Huitzilopochtli “Left-Handed Hummingbird” – Patron god of Mexica of Tenochtitlan and the sun

Metztli – God of the moon

Chalchiuhtlicue “Jade Her Skirt” – Goddess of springs

Xiuhtecuhtli “Turquoise Lord” – God of fire

Mictlantecuhtli – Lord of the underworld

Mictlancihuatl – Queen of the underworld

Omeoteotl/Tonacatecuhtli – Creator gods


The 13 Heavens (Lowest to Highest)


Ilhuicatl meaning: Celestial realm

Ilhuicatl-Meztli “Sky where the moon moves” – Dwellers: Meztli, Tlaloc, Ehecatl (god of the wind)

Ilhuicatl-Tetlaliloc “Where the stars move” – Dwellers: Citlalicue (goddess that created stars)

Ilhuicatl-Tonatiuh “Where the sun moves” – Where the sun travels before returning to Mictlan, dwellers: Tonatiuh (god of the fifth sun)

Ilhuicatl-Huitztlan “The sky of the big star” – Dwellers: Tlahuizcalpantecuhtli (god of the dawn), Huixtocihuatl (goddess of salt)

Ilhuicatl-Mamaloaco “Sky that is sinking” – Where the comets are in motion

Ilhuicatl-Yayauhco “Dark green space” – Where night comes and spreads, dwellers: Tezcatlipoca (god of providence & ruler of the North)

Ilhuicatl-Xoxoaucho “Region of blue” – Where the sun shows its face at dawn, dwellers: Huitzilopochtli

Ilhuicatl-Nanatzcayan “Where the obsidian knives are creaking” – Place of storms and the heavenly residence of Mictlantecuhtli, dwellers: Mictlantecuhtli, Mictlancihuatl, Itztlacoliuhqui (god of darkness & storms), Tlaloc

Ilhuicatl-Teoiztac “Region of white” – Residence of the white god and stellar spirits, dwellers: Quetzalcoatl, Tzitzimime (stellar/star spirits)

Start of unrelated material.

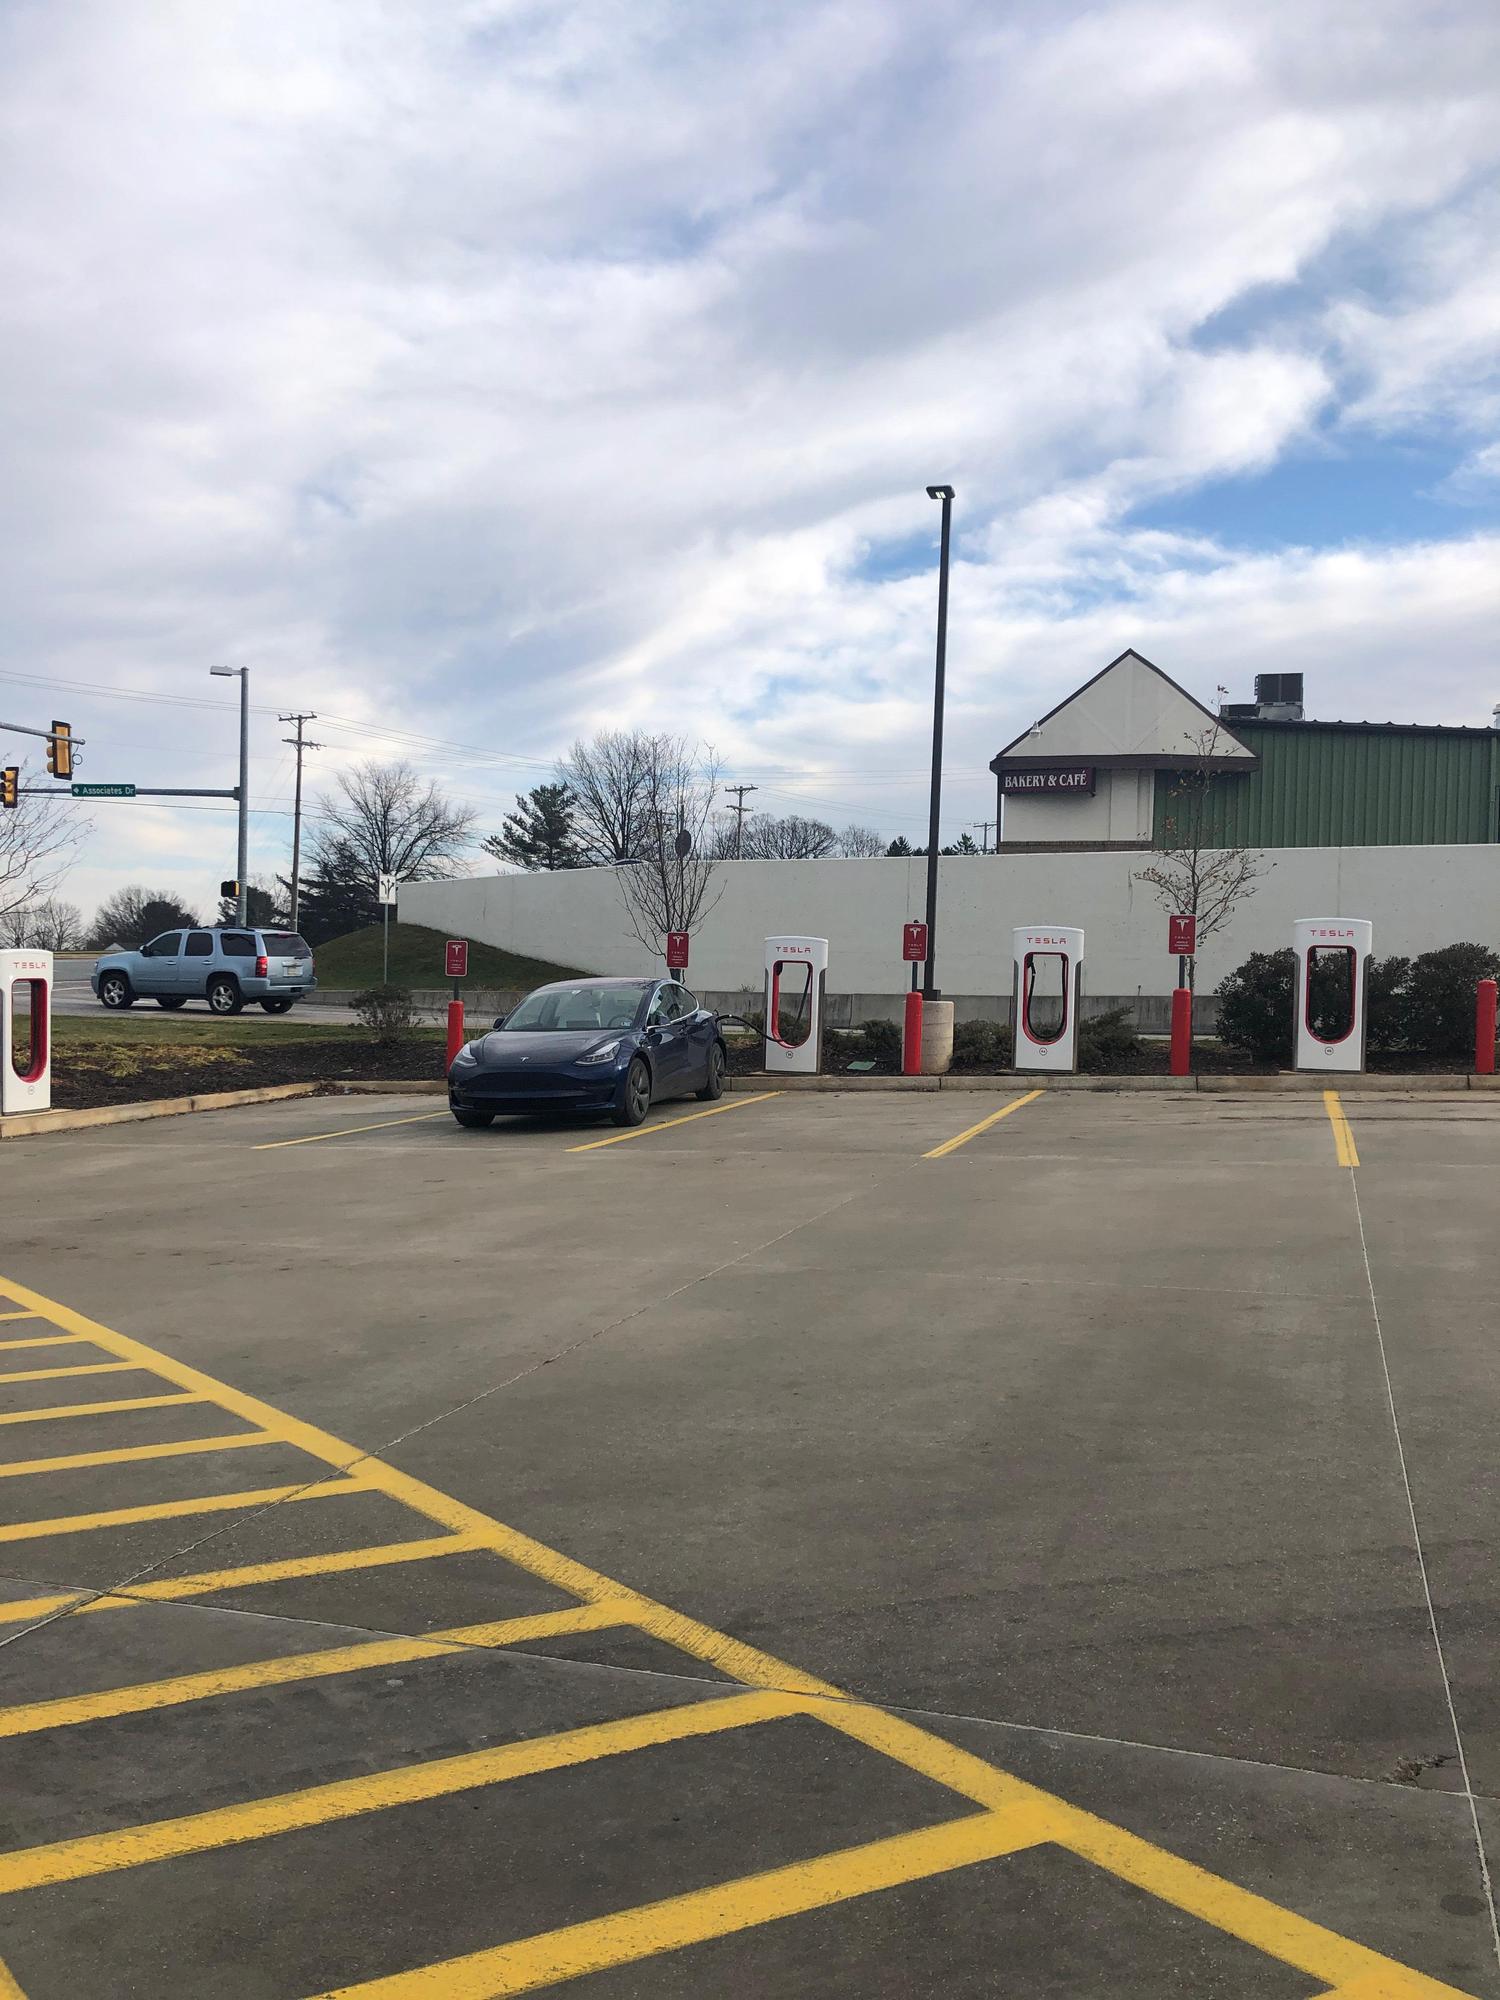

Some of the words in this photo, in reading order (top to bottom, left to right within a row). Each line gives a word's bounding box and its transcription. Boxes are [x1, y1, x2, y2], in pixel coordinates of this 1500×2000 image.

Ilhuicatl-Teocozauhco “Region of yellow” – Residence of the yellow god, dwllers: Tonatiuh

Ilhuicatl-Teotlatlauhco “Region of red” – Residence of the fire god, described as having a red sky with rays to symbolize that fire was the first creation of the world, dwellers: Xiuhtecuhtli, Chantico (goddess of homes and volcanoes)

Ilhuicatl-Teteocan “Sky that is the place of the gods” – This is the home of the gods, the place where they can reveal their true faces and are born/reborn, ruled by the 4 creator lords (the Tezcatlipocas): Tezcatlipoca, Xipe-Totec (god of force), Quetzalcoatl & Huitzilopochtli

Ilhuicatl-Omeyocan “Place of duality” – Residence of the creator couple, source of the gods and the creation of the universe

Thirteen Heavens - Wikipedia

The Creation of Humans – An Aztec Myth

Aztec Myth: Quetzalcoatl Descends into Land of the Dead ...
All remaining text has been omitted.